**What the exercise asks**
Would you repeat the entries below exactly and omit the pictures?

(Entries taken from a collection)
====================

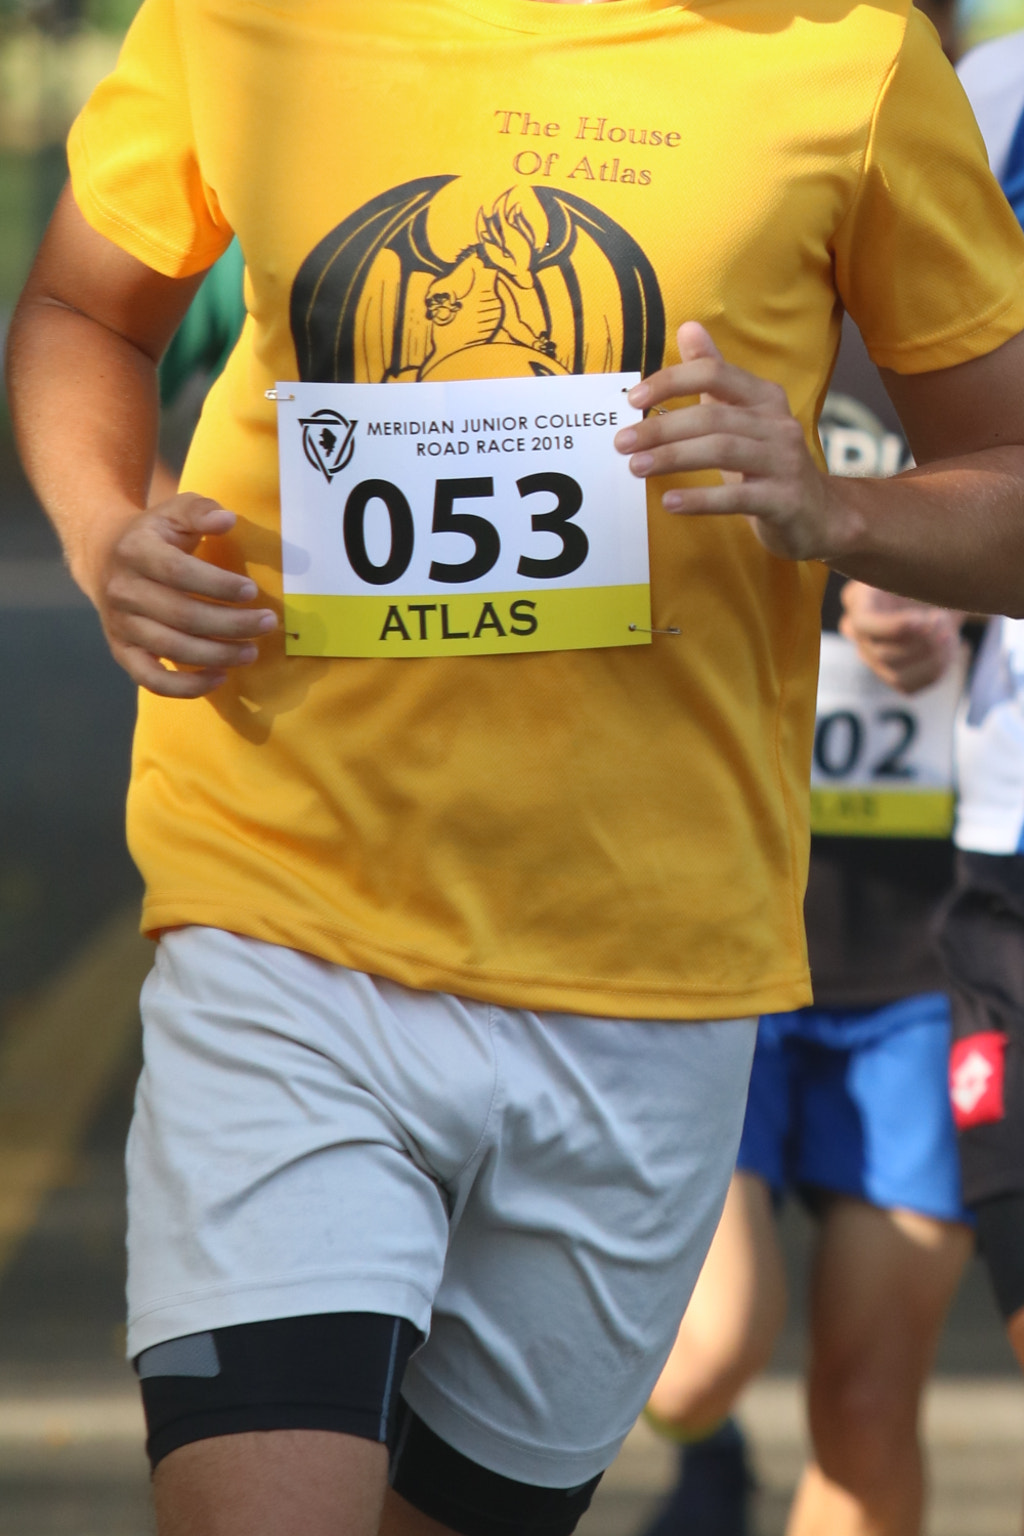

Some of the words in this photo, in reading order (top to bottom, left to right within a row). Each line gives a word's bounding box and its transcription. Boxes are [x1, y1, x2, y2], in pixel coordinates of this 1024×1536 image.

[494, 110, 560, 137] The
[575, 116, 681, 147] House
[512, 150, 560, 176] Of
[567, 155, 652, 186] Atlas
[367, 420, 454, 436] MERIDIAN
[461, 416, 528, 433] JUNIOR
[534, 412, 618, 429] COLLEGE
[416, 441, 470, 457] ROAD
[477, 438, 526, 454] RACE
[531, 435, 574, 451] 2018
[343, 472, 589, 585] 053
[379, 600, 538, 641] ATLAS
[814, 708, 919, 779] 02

====================

**The answer**
Some of the words in this photo, in reading order (top to bottom, left to right within a row). Each line gives a word's bounding box and its transcription. Boxes are [x1, y1, x2, y2], in pixel coordinates of this 1024×1536 image.

[494, 110, 560, 137] The
[575, 116, 681, 147] House
[512, 150, 560, 176] Of
[567, 155, 652, 186] Atlas
[367, 420, 454, 436] MERIDIAN
[461, 416, 528, 433] JUNIOR
[534, 412, 618, 429] COLLEGE
[416, 441, 470, 457] ROAD
[477, 438, 526, 454] RACE
[531, 435, 574, 451] 2018
[343, 472, 589, 585] 053
[379, 600, 538, 641] ATLAS
[814, 708, 919, 779] 02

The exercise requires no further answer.